Bug 142831 - Removal of old package versions inappropriately erases files
Removal of old package versions inappropriately erases files
Product: Red Hat Enterprise Linux 3
Classification: Red Hat
Component: rpm (Show other bugs)
i686 Linux
medium Severity medium
: ---
: ---
Assigned To: Daniel Riek
Depends On:
Blocks: 170417
  Show dependency treegraph
Reported: 2004-12-14 11:02 EST by Greg Hudson
Modified: 2007-11-30 17:07 EST (History)
9 users (show)

See Also:
Fixed In Version:
Doc Type: Bug Fix
Doc Text:
Story Points: ---
Clone Of:
Last Closed: 2006-06-16 11:56:42 EDT
Type: ---
Regression: ---
Mount Type: ---
Documentation: ---
Verified Versions:
Category: ---
oVirt Team: ---
RHEL 7.3 requirements from Atomic Host:
Cloudforms Team: ---

Attachments (Terms of Use)

  None (edit)
Description Greg Hudson 2004-12-14 11:02:13 EST
From Bugzilla Helper:
User-Agent: Mozilla/5.0 (X11; U; Linux i686; rv:1.7.3) Gecko/20041001

Description of problem:
If I have two versions of an RPM installed (say, because an rpm -Uvh
of that RPM did not complete successfully), and I remove the old one,
some subset of files is removed inappropriately, causing the new
package to be incomplete.

I was unable to determine whether this problem is fixed in RPM 4.3 (as
provided in Fedora Core 3) because I could not find a way to install
that version of RPM on a RHEL-3 system.

This problem is dramatically compromising system stability in MIT's
environment.  Whenever an update is interrupted and resumed later,
whole swaths of system files go missing, including parts of RPM
itself.  It is vitally important that we receive an errata addressing
this problem.

Version-Release number of selected component (if applicable):

How reproducible:

Steps to Reproduce:
Grab copies of the "at" RPM from RHEL-3 and RHEL-3-updates.

rpm -e at
rpm -ivh at-3.1.8-46.i386.rpm 
rpm -ivh --force at-3.1.8-48.ent.i386.rpm 
rpm -e at-3.1.8-46
rpm -V at

Actual Results:  -bash-2.05b# rpm -e at
-bash-2.05b# rpm -ivh at-3.1.8-46.i386.rpm 
warning: at-3.1.8-46.i386.rpm: V3 DSA signature: NOKEY, key ID db42a60e
########################################### [100%]
########################################### [100%]
-bash-2.05b# rpm -ivh --force at-3.1.8-48.ent.i386.rpm 
warning: at-3.1.8-48.ent.i386.rpm: V3 DSA signature: NOKEY, key ID
########################################### [100%]
########################################### [100%]
-bash-2.05b# rpm -q at
-bash-2.05b# rpm -V at-3.1.8-48.ent
-bash-2.05b# rpm -e at-3.1.8-46
-bash-2.05b# rpm -q at
-bash-2.05b# rpm -V at
missing    /usr/share/doc/at-3.1.8
missing  d /usr/share/doc/at-3.1.8/ChangeLog
missing  d /usr/share/doc/at-3.1.8/Copyright
missing  d /usr/share/doc/at-3.1.8/Problems
missing  d /usr/share/doc/at-3.1.8/README
missing  d /usr/share/doc/at-3.1.8/timespec

Expected Results:  The final "rpm -V at" invocation should have run clean.

Additional info:
Comment 1 Jeff Johnson 2004-12-29 05:03:50 EST
"Dramatically compromising system stability" seems a bit
extreme if/when the the files are in /usr/share/doc imho.

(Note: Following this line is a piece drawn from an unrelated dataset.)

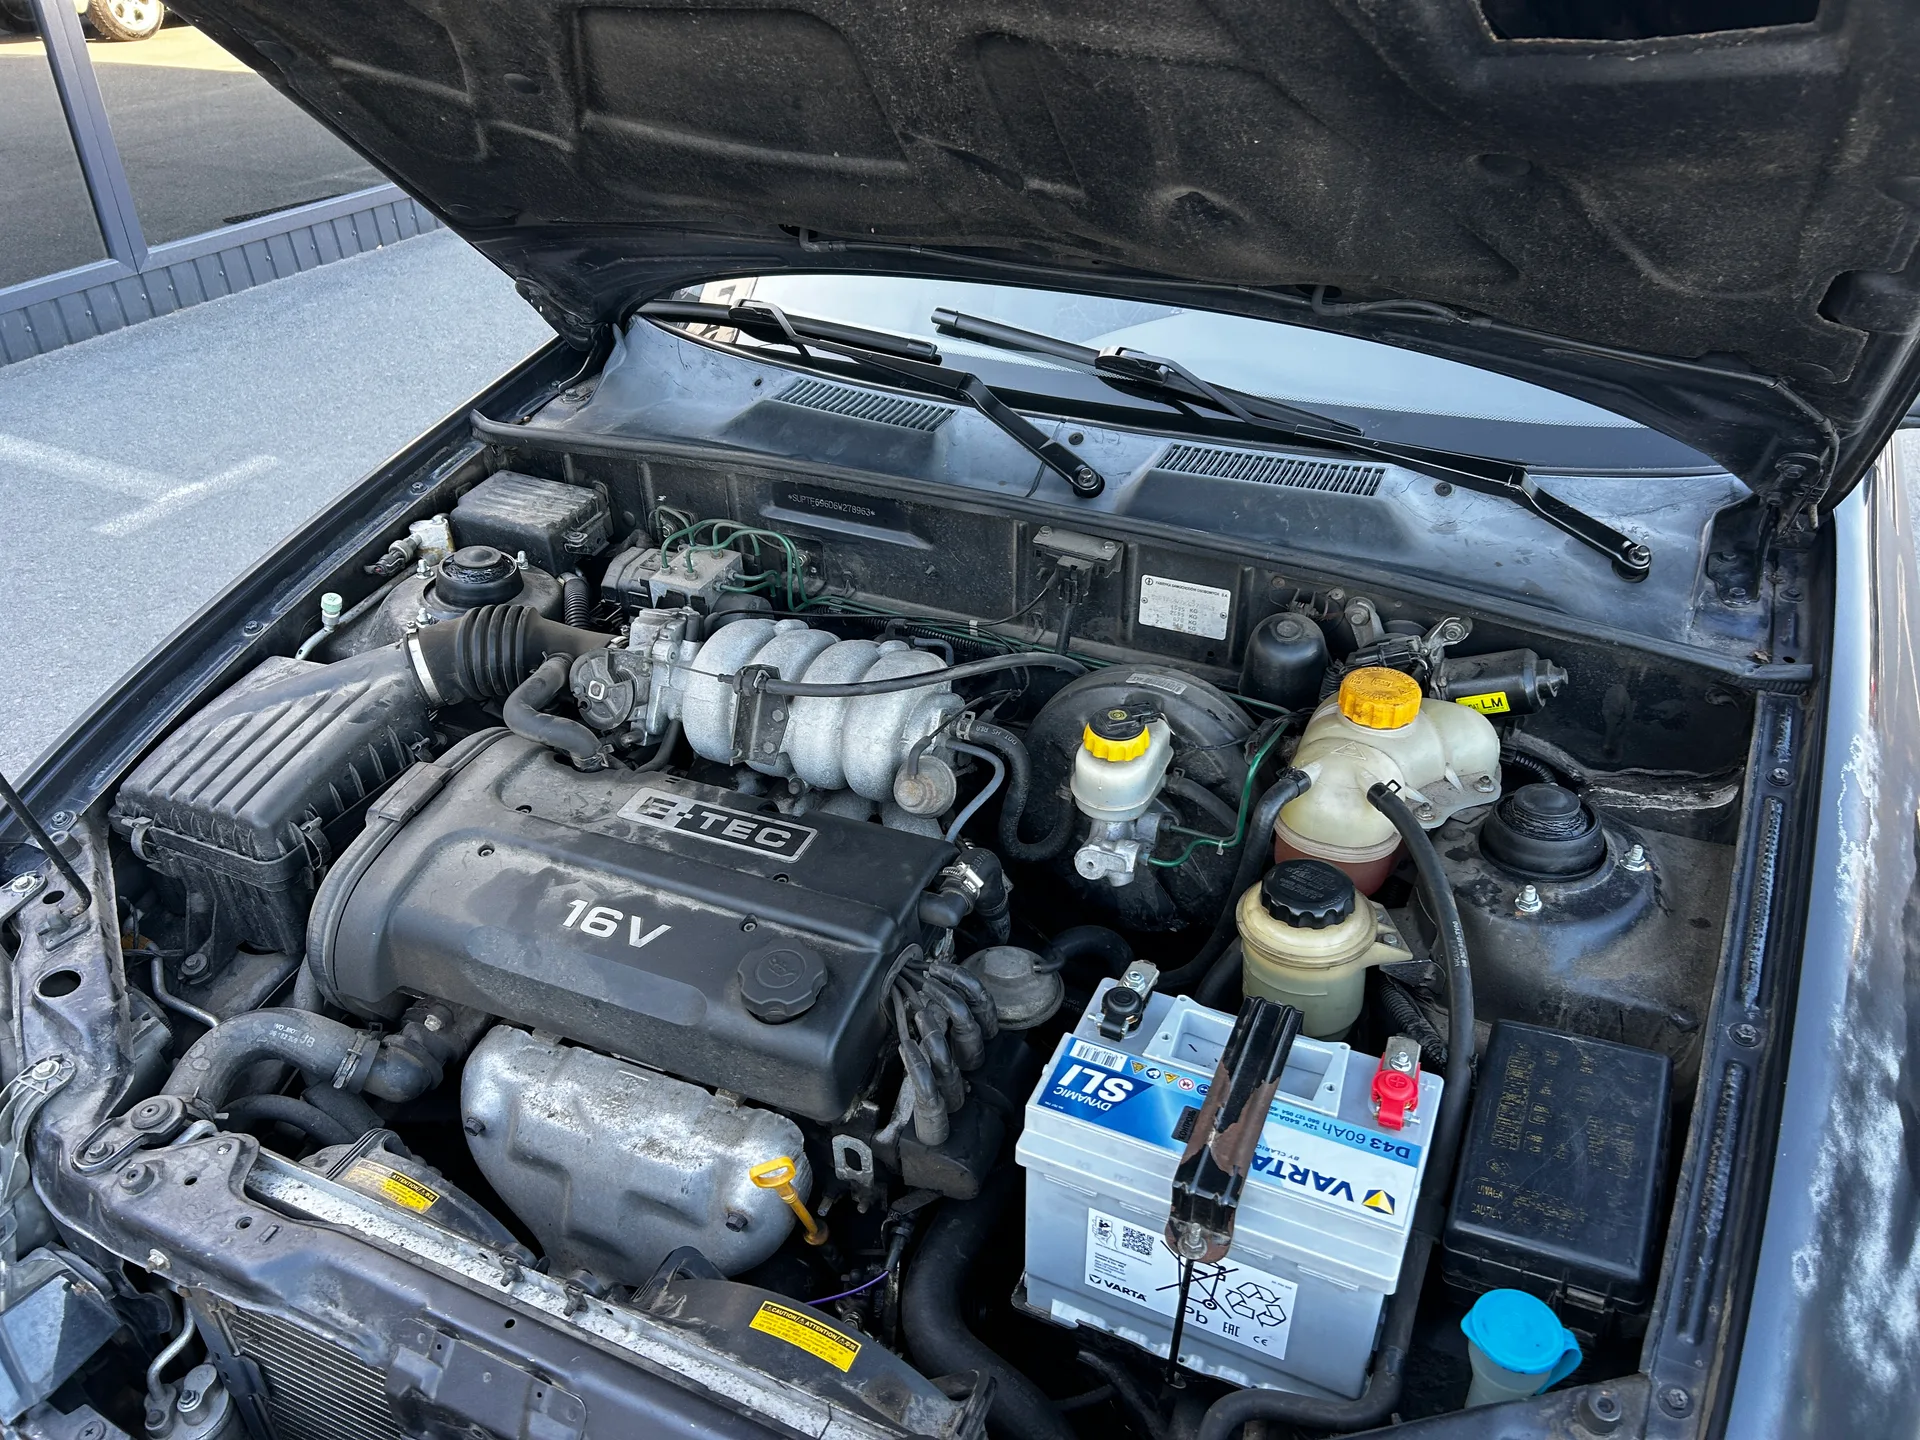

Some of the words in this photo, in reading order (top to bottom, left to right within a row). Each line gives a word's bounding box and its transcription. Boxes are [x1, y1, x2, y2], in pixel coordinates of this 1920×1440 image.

Comment 2 Greg Hudson 2004-12-29 12:39:18 EST
Gah.  That was just a random example.  The real instances we've been
encountering involve systems losing large chunks of rpm itself,
because of an aborted update which included an upgrade of the rpm
rpms.  (Large swaths of other system files also turn up missing, but
the missing rpm files are the biggest deal, because rpm stops working
as a result.)

But that would have been a much more confusing demonstration.
Comment 3 wdc 2005-01-05 15:22:18 EST
We have on the order of 800 systems that do **NOT** used RHN, but
instead use our own scripts that drive RPM.  In the next month we plan
to push out RHEL3 Update 4 to these systems.

It would be REALLY helpful if we got some help resolving this issue.
It would not look good for Red Hat if MIT professors came in to work
with dead systems, and all we could tell them was that "Red Hat didn't
think our bug was very important."
Comment 4 Paul Nasrat 2005-01-06 12:17:22 EST
Out of curiosity why aren't you using RHN/up2date.  Can you attach the scripts
you use?

If you are seeing this frequently I imagine that there is a more robust way of
scripting it - are you using rpm-python bindings or just calling to rpm?  THe
only time that I can really see you getting two packages installed in parallel
(other than with biarch setups) is with prematurely terminated transactions.
Comment 5 wdc 2005-01-06 12:29:25 EST
Our update system predates the existance of Linux, and is multi-platform.
We currently update both Solaris and Linux.
Historically we've run our update system on:  Vax Ultrix, IBM AOS, IBM AIX, SGI IRIX, SunOS, etc.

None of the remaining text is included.